Advisor(s) - Committee Chair
Dr. Carl Myers (Director), Dr. Sarah Ochs, and Savannah Harley, Psy.S
Department of Psychology
Specialist in Education
Previous research has shown that there are gender differences in Written Expression Curriculum-Based Measurement (WE CBM) with female students scoring higher than male students (Fearrington et al., 2014; Jewell & Malecki, 2005; McMaster et al, 2017; Scheiber et al., 2015). However, research looking at a different transcription mode (i.e., typed) in WE CBM is a new area of development (Mercer et al., 2019). Differences in gender with typed writing has not yet been examined. The purpose of this study was to examine if gender differences exist in typed, as well as handwritten WE CBM probes.
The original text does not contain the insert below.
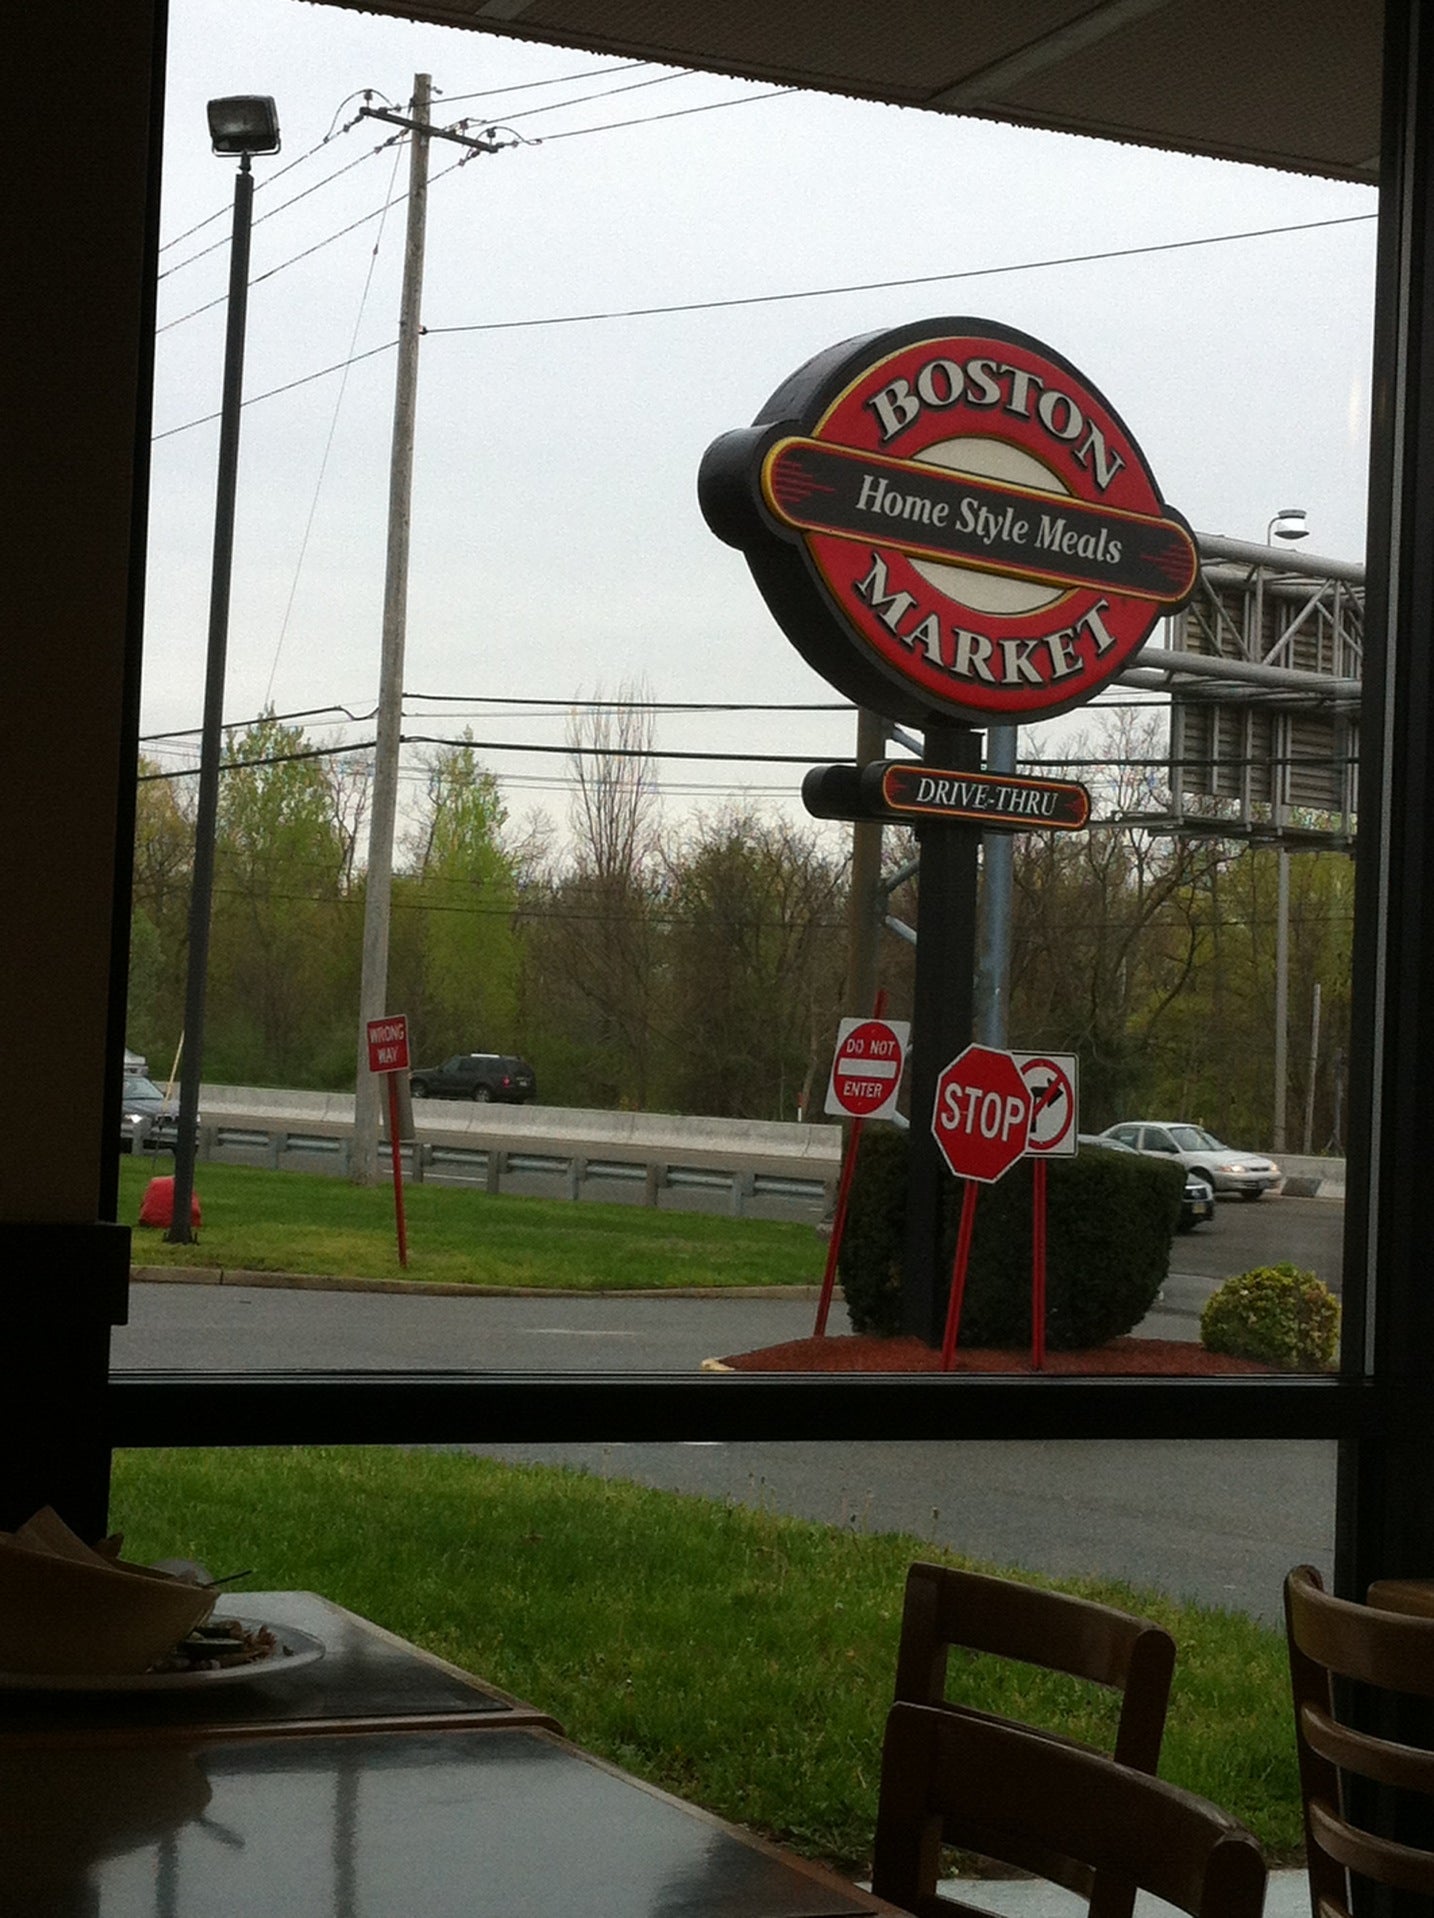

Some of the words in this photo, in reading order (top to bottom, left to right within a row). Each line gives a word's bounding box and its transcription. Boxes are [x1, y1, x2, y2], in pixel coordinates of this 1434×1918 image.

The participants from this study were obtained from a larger data set from an ongoing study examining growth in WE CBM over time. There were approximately 400 fourth and fifth grade students who completed handwritten and typed responses to WE CBM probes. The results showed that the female students had statistically significantly higher scores than male students on both handwritten and typed responses. The finding of gender differences in typed WE CBM has important implications for both CBM practices and writing research.
Educational Psychology | Elementary Education | School Psychology
Henderson, Allison Kaye, "Gender Differences in Typed and Handwritten Probes for Written Expression Curriculum-Based Measurement" (2021). Masters Theses & Specialist Projects. Paper 3481.